Advisor in Customer Experience and Service Operations

My top 6 recommendations for supporting your contact centre in a digital-first world

Digital-first has changed how we interact with customers and has defined new ways of working, new channels to manage, and a range of new agent skill sets – are you ready to succeed in this new world?

My last post outlined how a digital-first world customer strategy is driving an increased need for support channels that rely on the written word as more emails, messages and chats are generated. This change is creating a need for diversified skillsets across technical support, empathy, and complex issues and is changing the underlying tools we need to support customers. So here are our top 6 recommendations for supporting your contact centre in this new world.


  1. Map your customer journey

At the heart of any digital-first strategy is providing customers with choice. Choice in how they interact with you, when they interact with you and what channel they chose for which transaction. To be truly successful in implementing a digital-first strategy, you need to understand your customer and the journey they take with your organisation. This understanding forms the basis for how your contact centre needs to be set up to succeed and provide support when needed and via the most appropriate channels. This journey will change over time as new innovations continually change how we interact with each other and our customers. So keep the customer journey top of mind at all times


  1. Get your email system right

While most people probably think that email is an old communication method (even though classified as a digital channel), we’ve actually seen the use of email increasing as companies try to manage workload and workforce with delayed response times. This can create customer frustration, hence the importance of getting it right.

Make sure you have a tool that can manage emails effectively – don’t rely on a generic inbox that cannot track or manage demand. You need a purpose-built tool to manage your email channel and give you the data to understand and manage customer demand and operational efficiency. Over the years, we have seen many organisations struggle without one, and we cannot recommend strongly enough that you review this core requirement!

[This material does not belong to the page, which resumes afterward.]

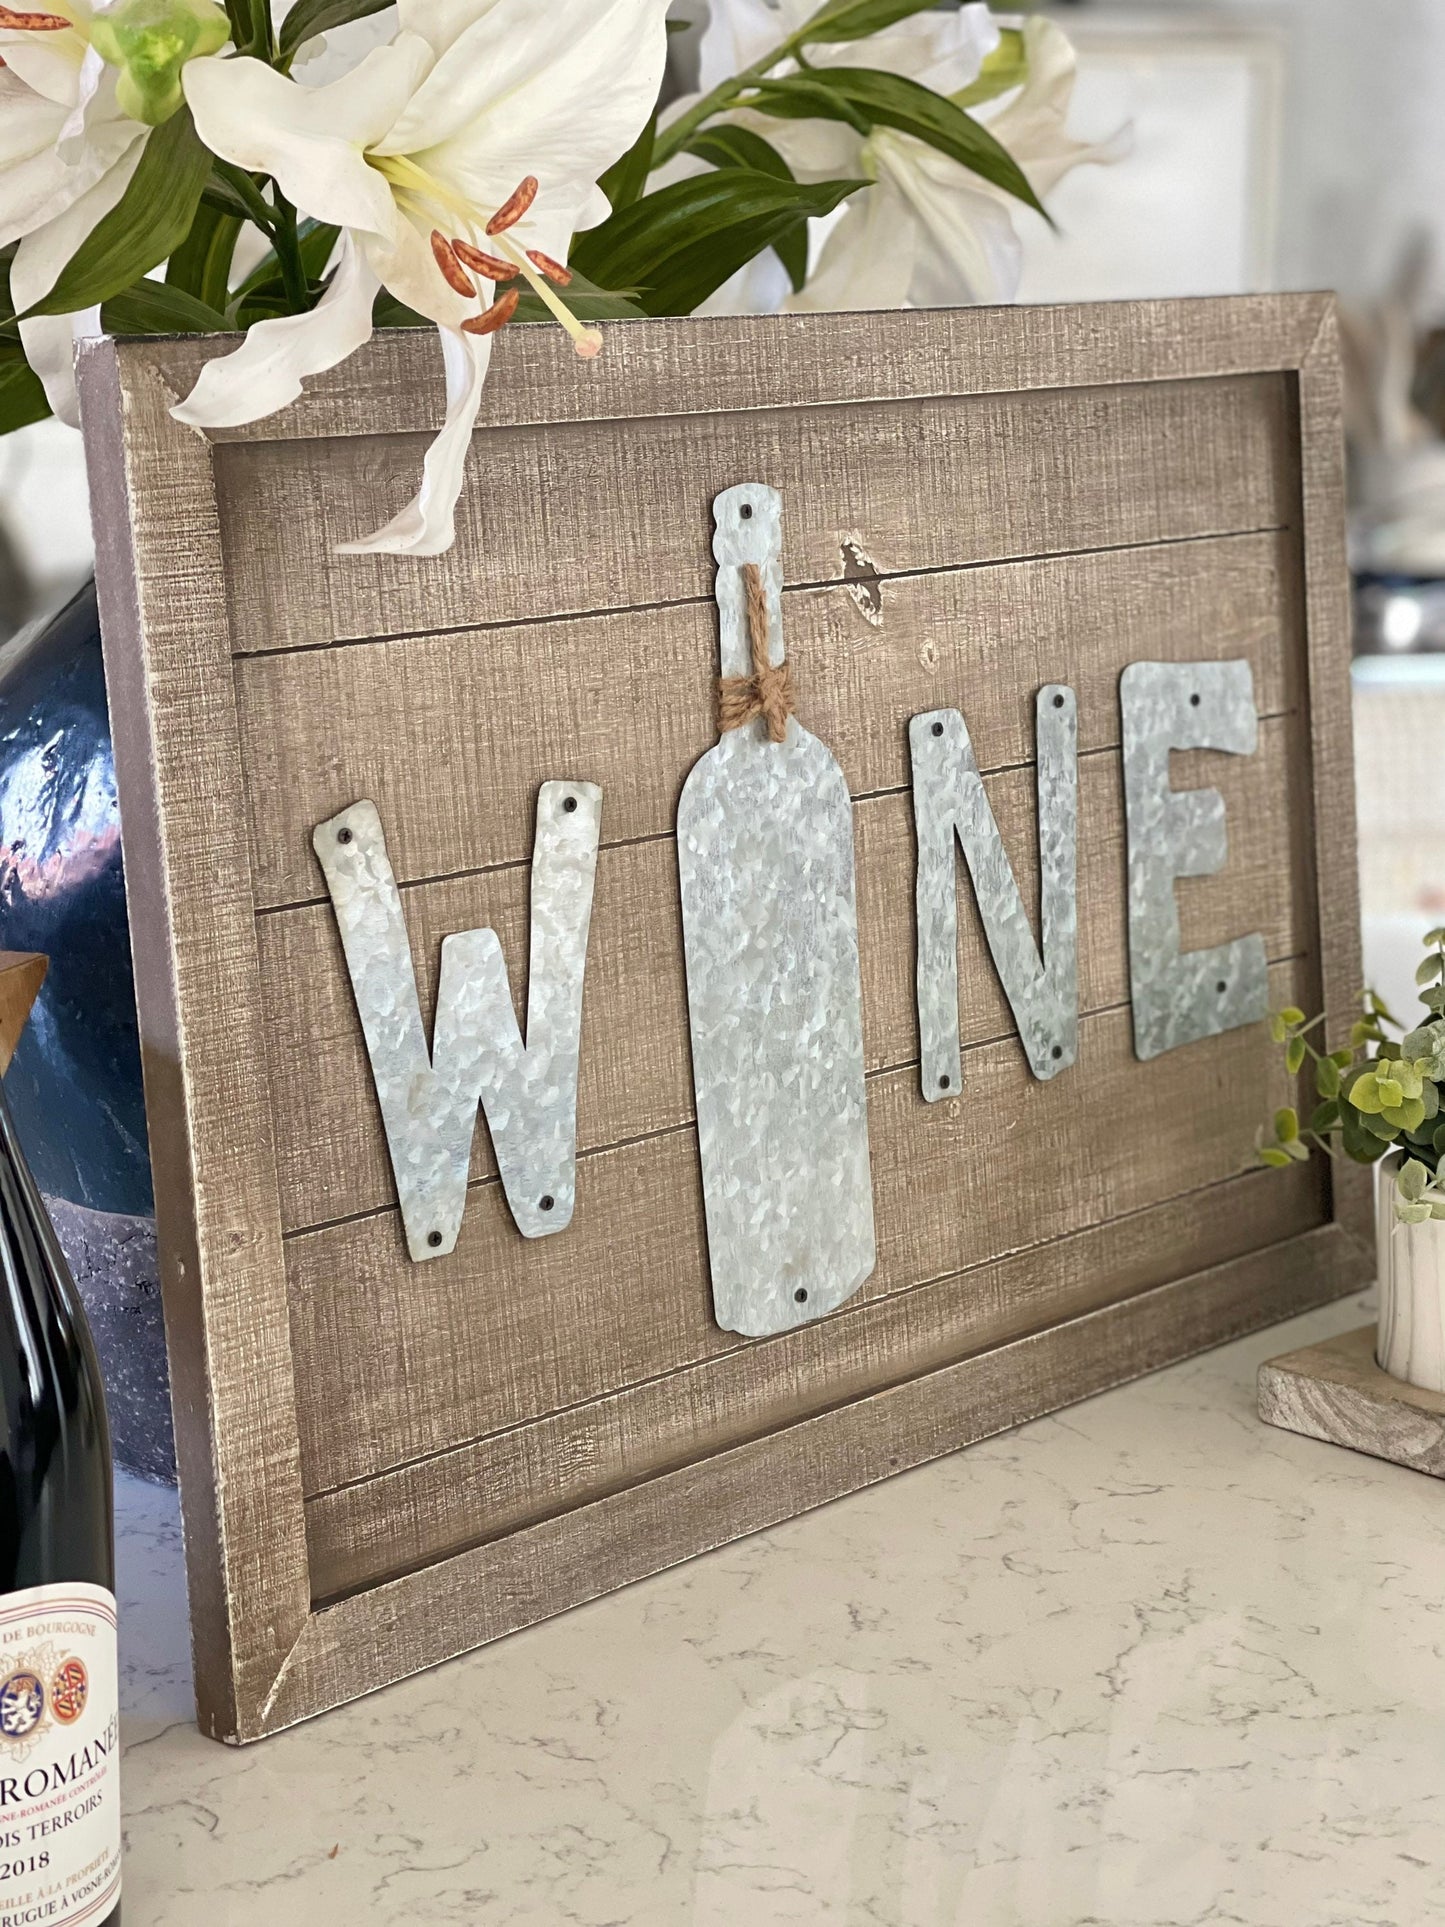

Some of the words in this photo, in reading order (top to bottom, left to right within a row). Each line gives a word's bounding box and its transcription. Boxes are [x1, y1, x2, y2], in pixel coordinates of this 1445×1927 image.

  1. Review your recruitment profile

As your channels expand and your team need to support multiple channels, you need to review your recruitment profile. You need agents who are confident in the written word and can succeed and even thrive on working across multiple channels. Check for ability to understand and respond to the written word as well as confidence to work across multiple channels. Find someone who enjoys variety and is ready to learn new skills.


  1. Review your Knowledge Management strategy

Knowledge Management has always driven the concept of many channels, one voice. This is essential as your customers move across self-serve and supported channels. Consistent and accurate information on your website, from a bot or from your agent, is more critical than ever, and a robust knowledge system helps you maintain and support this requirement. Being able to tailor information to the audience and channel must underpin your future Knowledge Management strategy if you are to succeed in a digital-first world.


  1. Revise your training

As your teams upskill to support a multi-channel environment, you need to provide the right training and coaching to help them reach their full potential. Training needs to cover how to engage customers in a variety of channels and how to communicate via voice, chat, email and messaging. As I said in my last article, don’t assume a good voice agent can automatically move to chat or email; you need to support them on this journey.

You also need to consider the types of enquiries agents are now supporting – both increased technical skills and complex enquiries. Take the time to identify new transaction types and the skills needed and build the programs to resolve these enquiries. Without this, your agents and customers will both be frustrated, and satisfaction will suffer.


  1. Focus on workforce planning

The customer journey is growing more complex – and understanding how your customers interact with you, when they need help, and through which channels is the first step in understanding the new demand profile and where you need your resources. Monitoring and planning for demand across each channel may make your workforce planning more difficult but get it wrong, and your customers will not be happy. Complex workforce planning is a requirement and a key pillar of a digital-first strategy that cannot be ignored.